- Born: Julietta Vardanyan
- Origin: Yerevan, Armenia
- Occupations: Pianist, harpsichordist, organist
- Member of: Ars lunga

= Julietta Vardanyan =

Julietta Vardanyan (Ջուլիետա Վարդանյան) is an Armenian pianist, harpsichordist, and organist.

==Biography==
Vardanyan was born in Yerevan. She graduated from the Yerevan State Conservatory (Professor Vagharshak Harutyunyan). She has had master classes by pianists Paul Badura-Skoda and Boris Berman (Obidos, Portugal).

As a soloist performed with Narekatsi, "Four Seasons" (Moscow), the Moldova's National Chamber Orchestras, Armenia State Youth, Opera and Ballet National and Zaporozhye (Ukraine) Symphonic Orchestras, conductors V. Bulakhov (Russia), C. Florea (Romania), A. Khaindrava (Georgia/Czech Republic), Sergey Smbatyan R. Asatryan, A. Talalyan, M. Kokzhayev, Y. Yakulov.

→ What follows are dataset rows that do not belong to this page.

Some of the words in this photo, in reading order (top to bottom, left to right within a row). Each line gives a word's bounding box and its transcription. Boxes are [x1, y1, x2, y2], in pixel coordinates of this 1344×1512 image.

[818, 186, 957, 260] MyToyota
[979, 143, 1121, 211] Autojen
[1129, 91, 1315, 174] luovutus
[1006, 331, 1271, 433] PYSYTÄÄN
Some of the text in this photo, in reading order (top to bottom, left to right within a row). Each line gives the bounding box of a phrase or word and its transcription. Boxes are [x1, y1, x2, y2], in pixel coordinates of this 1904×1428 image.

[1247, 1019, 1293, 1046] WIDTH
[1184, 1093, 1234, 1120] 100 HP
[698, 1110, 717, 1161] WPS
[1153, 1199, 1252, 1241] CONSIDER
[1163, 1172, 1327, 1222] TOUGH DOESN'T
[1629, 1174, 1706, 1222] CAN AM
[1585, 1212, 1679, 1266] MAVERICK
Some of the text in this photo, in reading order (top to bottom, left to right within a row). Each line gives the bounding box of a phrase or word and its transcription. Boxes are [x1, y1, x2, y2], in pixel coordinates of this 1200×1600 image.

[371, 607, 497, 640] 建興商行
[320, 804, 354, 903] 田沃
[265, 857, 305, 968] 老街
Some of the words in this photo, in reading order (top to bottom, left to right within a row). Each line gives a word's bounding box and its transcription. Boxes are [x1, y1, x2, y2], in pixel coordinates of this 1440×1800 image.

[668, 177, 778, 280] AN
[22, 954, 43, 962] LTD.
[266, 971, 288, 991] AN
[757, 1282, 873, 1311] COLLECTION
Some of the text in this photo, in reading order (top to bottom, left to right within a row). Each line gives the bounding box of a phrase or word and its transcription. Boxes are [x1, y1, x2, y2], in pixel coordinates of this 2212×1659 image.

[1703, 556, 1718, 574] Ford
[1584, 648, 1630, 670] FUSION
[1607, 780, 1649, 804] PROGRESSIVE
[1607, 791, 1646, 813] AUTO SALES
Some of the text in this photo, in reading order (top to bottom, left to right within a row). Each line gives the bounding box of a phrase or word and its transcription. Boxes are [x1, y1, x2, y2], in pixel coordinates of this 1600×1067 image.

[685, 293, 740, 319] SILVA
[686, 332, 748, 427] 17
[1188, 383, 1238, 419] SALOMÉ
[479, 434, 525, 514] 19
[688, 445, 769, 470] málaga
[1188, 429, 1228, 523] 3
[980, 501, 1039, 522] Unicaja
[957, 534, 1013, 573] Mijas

She is the first performer of the piano concertos of Composer Yakov Yakulov (USA) and Hayg Boyadjian.

Since 2013 she is the executive director of "Talalyan Brothers" festival.

Since 2009 she has formed a piano-cello duo "Ars lunga".

At present "Ars Lunga" makes "Anthology of Armenian Chamber Music" recordings part 2, which summarizes Armenian piano trios (compositions for piano, violin and cello).